Plus, the skills are in no-wise balanced between the attributes - all the combat skills are under Agility, Strength has a grand total of four skills (Climb/jump, Lift, Stamina, and Swim), Psionics has three (Energy, Influence, Self-Control), and I don't understand the difference between Technical attribute skills and Mechanical attribute skills.
The six attributes are basically the same than in WEG Star Wars D6, except for Dexterity renamed Agility - with the same balancing issue.

Mechanical and Technical were made distinct attributes for the sole purpose of making Luke Skywalker and Han Solo better pilots while Chewbacca and R2-D2 would be better at repairing the spaceship. This despite the fact that introducing skills to raise on top of attributes would address this just as at well (which make me things they established the attributes before having the idea to introduce skills).

An oddity of the D6 Systems is the Perception attribute, which covers regular perception, all social skills, but also initiative. Combat-type characters rather focus on Dexterity/Agility (to hit and dodge) and Strength (to resist and damage in close combat), you often see the bard/face archetype acting first. You can design your own template in order to max out Dex and Per, possibly along with Str, but you will suck at all other three attributes - which is not a problem as big as it may seem (except for playing a part onboard a spaceship).

Knowledge is usually the dumpstat because it is mostly what it says. What you're getting from it are piece of information about the universe the team eventually needs to move successfully forward. You're not doing anything: you roll dice and the gamemaster speaks for you to deliver information. The only skills that depart from this are Languages, Intimidation, Survival and Willpower. While it may fit well with a seasoned explorer archetype, most players often are disappointed not to be able to be a bad-ass fighter or pilot as well, and drop Knowledge instead (and do does adventurers' widespread lack of actual survival skill get to be a common trope of RPG).
And, in case you notice, yes, there is a modifier for the Intimidation skill that allow Strength-based characters to catch up on Knowledge-based characters.
Psionics are divided into three skills: Energy, Influence, and Self-Control, which characters roll for a wide variety of effects. In keeping with the idea that you shouldn't have nice things, the target number for any given effect is variable like you're building a spell in Shadowrun, except without all the nice details that make it easy to determine what you need to roll to set shit on fire - instead, you're basically expected as Gamemaster to pull numbers out of your ass, with a few guidelines to help you along your way.
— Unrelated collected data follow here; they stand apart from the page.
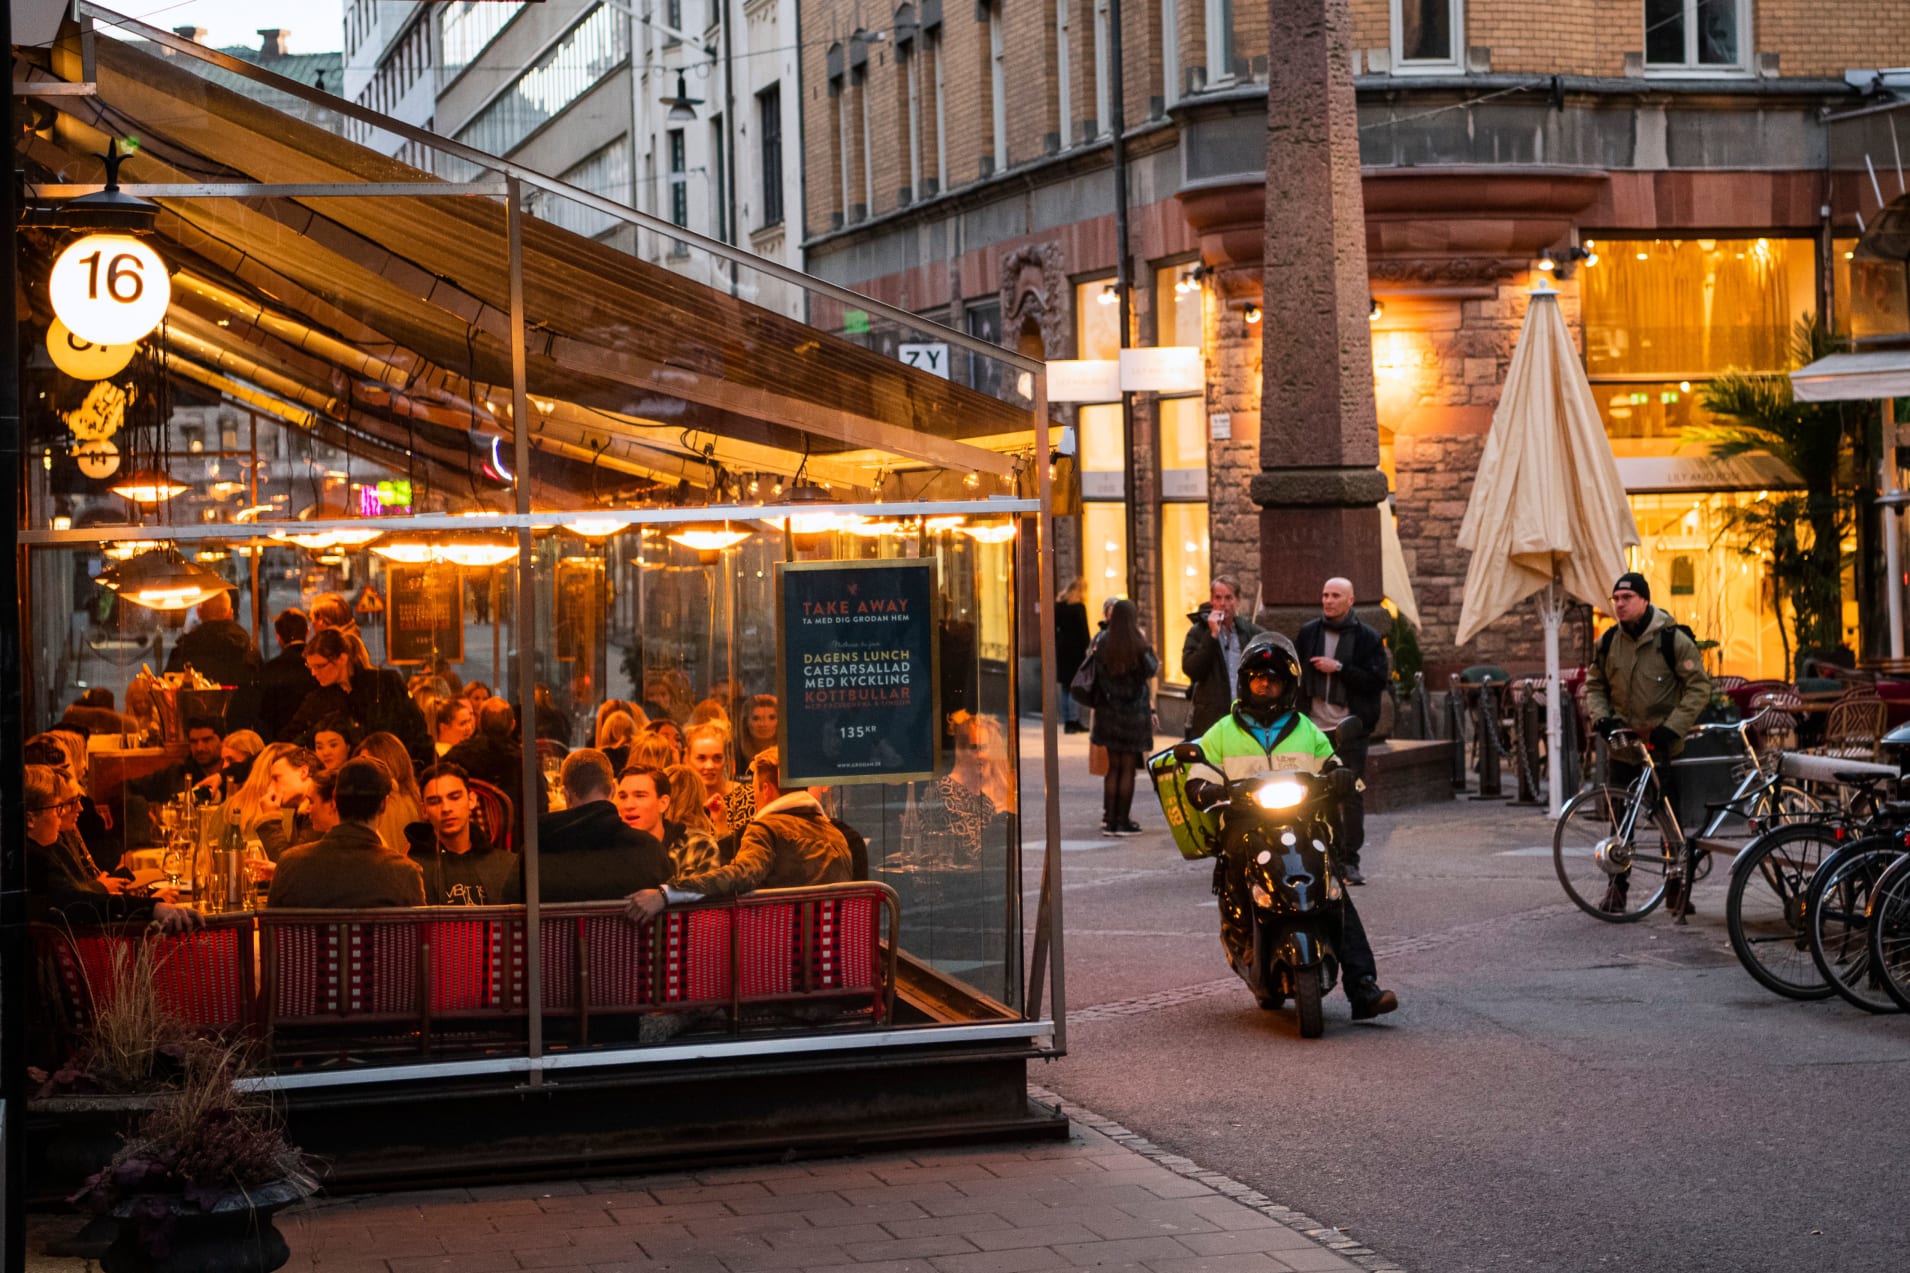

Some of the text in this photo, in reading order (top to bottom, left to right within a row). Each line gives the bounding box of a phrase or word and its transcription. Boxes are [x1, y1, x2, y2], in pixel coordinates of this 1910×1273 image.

[78, 250, 145, 304] 16
[1667, 471, 1687, 482] LILY
[1690, 471, 1714, 481] AND
[802, 599, 909, 615] TAKE AWAY
[853, 615, 889, 623] GRODAN
[804, 650, 910, 664] DAGENS LUNCH
[803, 662, 911, 676] CAESARSALLAD
[805, 675, 910, 688] MED KYCKLING
Energy represents the character's ability to sense and manipulate energy - the three effects tied to it are "Detect Energy," "Mental Blast," and "Shield", which are pretty self-explanatory.

Influence is explicitly the Jedi mind trick. 'nuff said.

Self-Control is pain-control and physical enhancement. The latter gives you bonuses to your other attributes, which also boosts the associated skills...not a bad way to go.
Again, this is similar to WEG Star Wars, which had Force use divided into three attributes (Control, Sense and Alteration). However, Metabarons is nicer (SW pretty much required to have and roll two or all three attributes to get anything significant effect).
I have briefly touched on the Code of Honor and Amarax points. The latter are something created basically uniquely for the RPG. The gist is, the Code of Honor is how you're supposed to behave. Amarax Points are like Action Points in D&D3.x or Willpower in WoD, which you can spend to boost various tests - with the caveat that you only regain the Amarax points if you spent them doing things in accordance with your Honor Code (in which case you get more!)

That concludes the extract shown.